The top ten tech breakthroughs of 2017
It’s been another eventful 12 months in the world of technology. Further ground has been broken in the journey towards autonomous driving and the integration of technology in the healthcare sector. Plus the continued drive for smaller size, lower power devices. This has also been met with further concerns around data security as more and more ‘things’ around us become connected.
The MIT Technology Review has published its top ten technology breakthroughs of 2017 that will have potential influence, both now and in the future, across politics, culture, healthcare, transport and the economy.
So, in no particular order…
Significant progress has been made in using brain implants to restore freedom of movement following spinal injuries. Research has enabled the spine of a paralysed monkey to be electrically stimulated via a recording device attached to the animal’s motor cortex. This then enabled the monkey’s right leg to extend and flex.
Platooning technology is already being trialled around the world, which has several potential advantages around efficiency and carbon emissions by cutting down on wind drag and saving fuel. There are several issues still to be resolved however, particularly around safety and the economics of what the technology will mean for the world’s truck drivers.
Facial recognition technology is already being employed in China to authorise payments, gain access to facilities and even track down criminals. This sort of technology is now familiar to anyone with an electronic passport, and it has developed and expanded rapidly in China over the last few years due to the country’s attitudes towards surveillance and privacy.
It was recently the 45th anniversary of Atari’s 1972 release of Pong, the earliest arcade video game. You only have to look at the development of video games to realise the increase in computing power since then. Advances at blue-chip companies such as Google and Intel indicate that computers with previously unimaginable power are now within reach.
The world of photography is being opened up to a whole new dimension with inexpensive cameras that are capable of taking spherical images. Historically the cost of the cameras and the production process for capturing spherical images has been prohibitive. However, innovations in several technologies that combine images from multiple lenses and sensors is bringing this technology into the mainstream.
Advances in this sector could help create cheap and continuous power by converting heat into focussed beams of light. The main issue with traditional photovoltaics is that they can be bulky and expensive. However, a team of MIT scientists has built a different sort of solar energy device that uses inventive engineering and advances in materials science to capture far more of the sun’s energy.

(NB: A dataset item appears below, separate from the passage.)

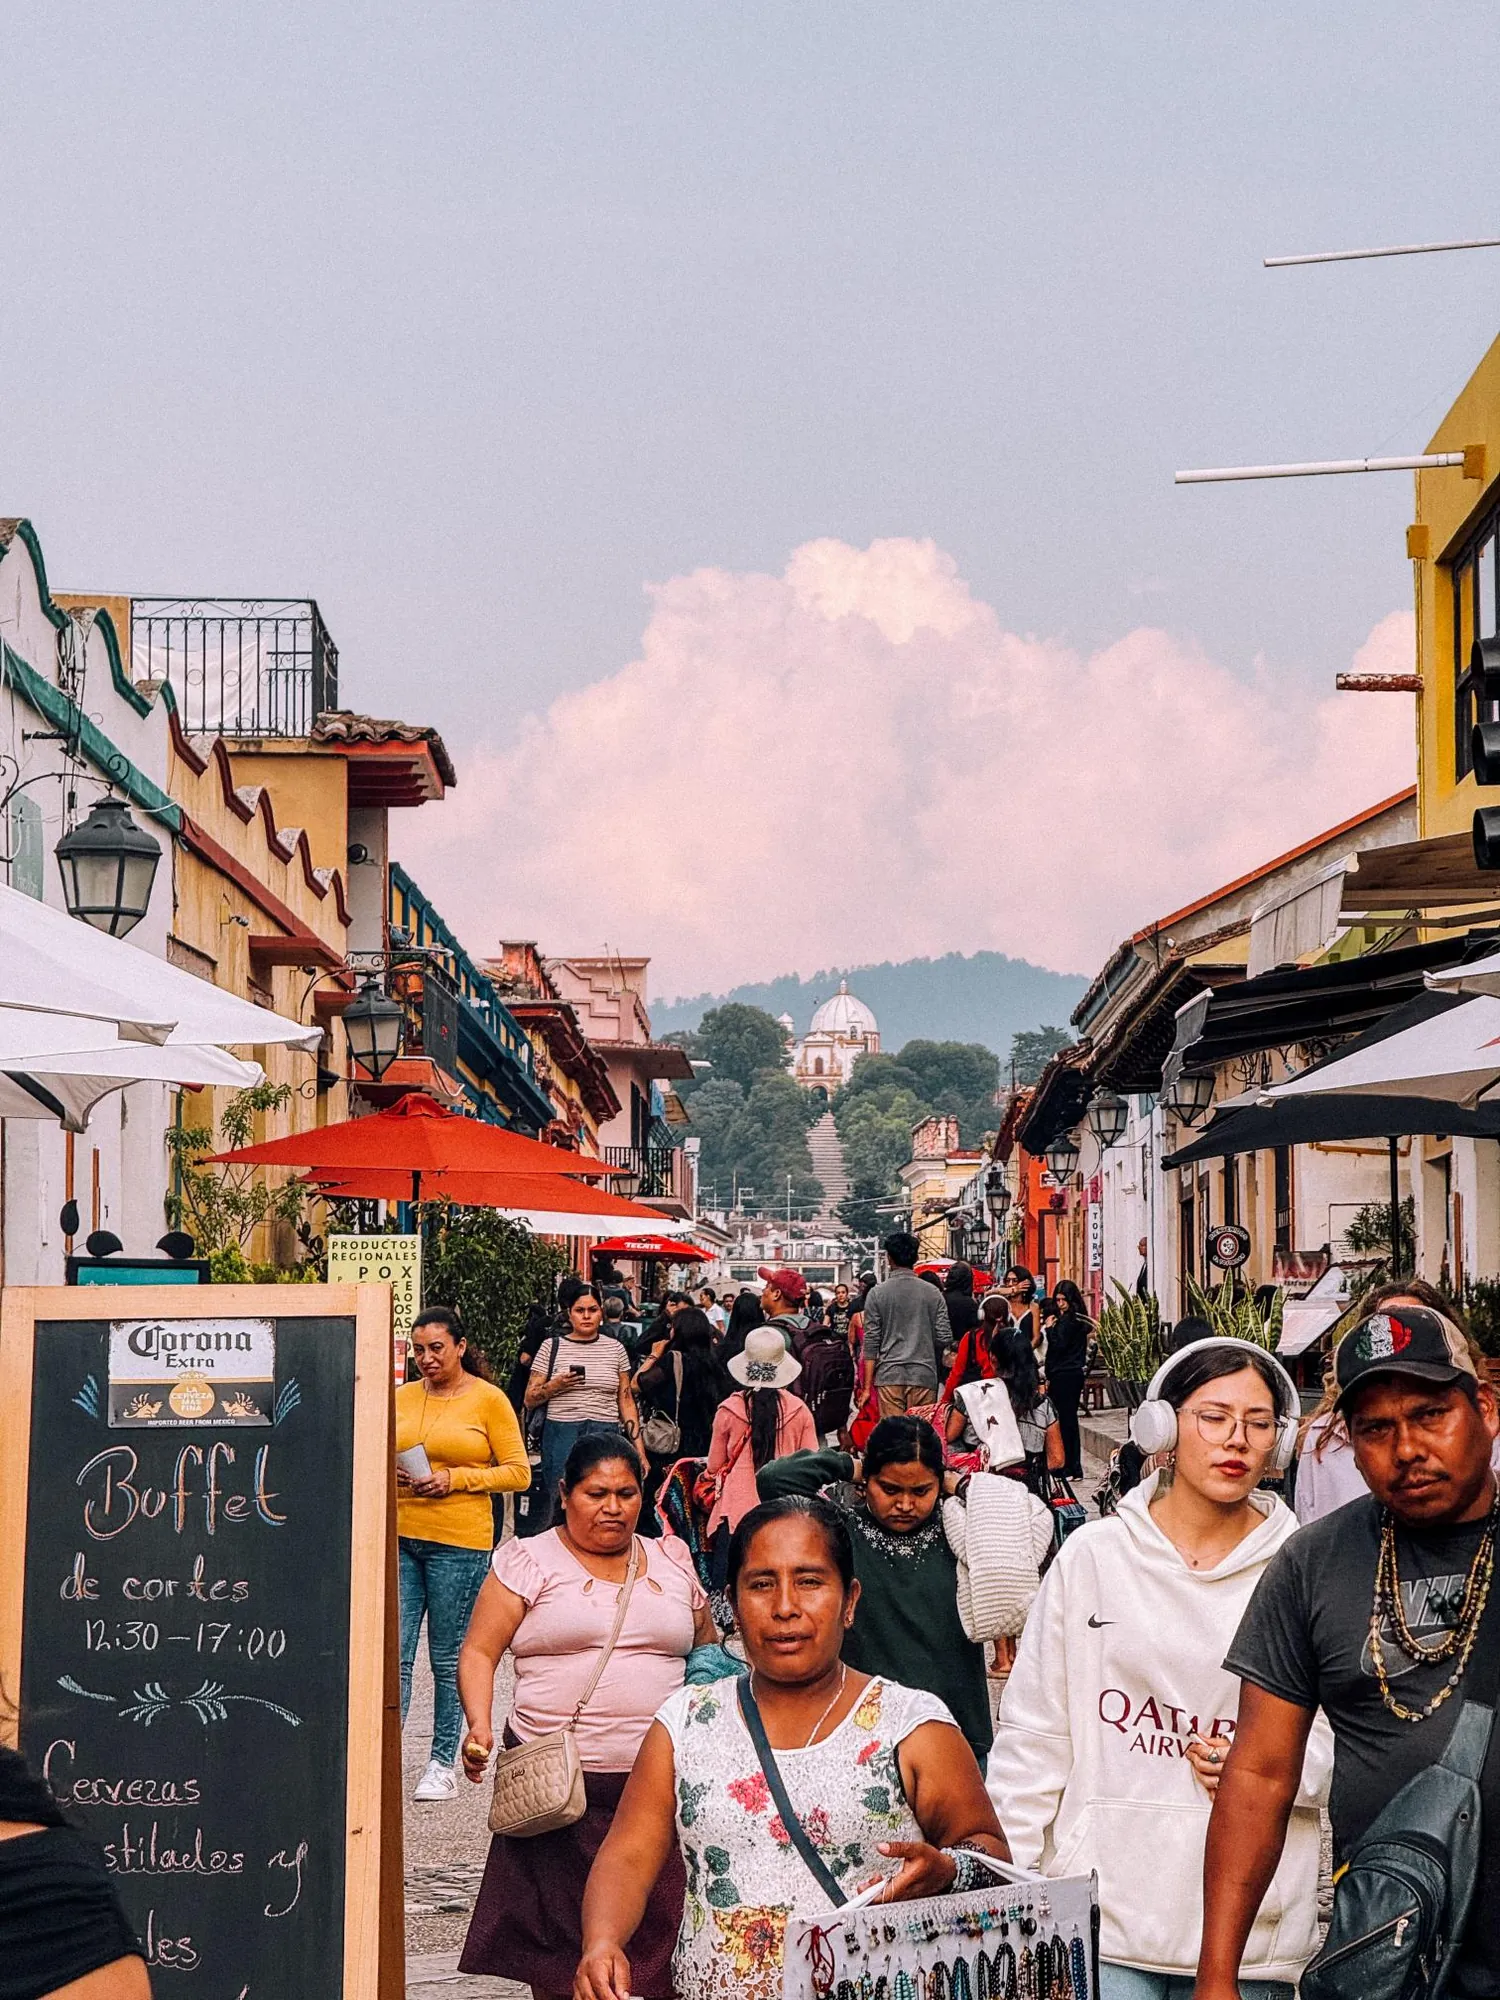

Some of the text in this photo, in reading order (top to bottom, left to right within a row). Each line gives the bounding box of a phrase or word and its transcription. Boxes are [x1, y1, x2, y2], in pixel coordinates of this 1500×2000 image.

Scientists have solved fundamental problems that were holding back cures for rare hereditary disorders. Next we’ll see if the same approach can take on cancer, heart disease, and other common illnesses. Crucial puzzles have been solved and gene therapies are on the verge of curing devastating genetic disorders. Two gene therapies for inherited diseases have won regulatory approval in Europe.
The next step in finding out more about the human body will be a scheme to individually capture and scrutinise millions of cells using the most powerful tools in modern genomics and cell biology. The objective is to construct the first comprehensive ‘cell atlas’, or map of human cells, a technology that could comprehensively reveal, for the first time, what human bodies are actually made of and provide scientists with a sophisticated new model of biology that could speed the search for drugs.
The issue around hacking is getting worse as the world becomes more connected. And, as many devices have little or no security, it is easier than ever to build huge botnets that take down much more than one site at a time. The number of vulnerable devices is only going to increase, and increase rapidly. While this ‘breakthrough’ is certainly not a good thing, it is significant. Current IoT trends favour the attacker, so we can only expect the number of botnet attacks to increase.
Welcome the idea, or shrink away in fear, the fact is that computers are becoming smarter, and are now able to figure out how to do things that no programmer could teach them. Now reinforcement learning may soon inject greater intelligence into gaming, the automotive industry, manufacturing and robotics.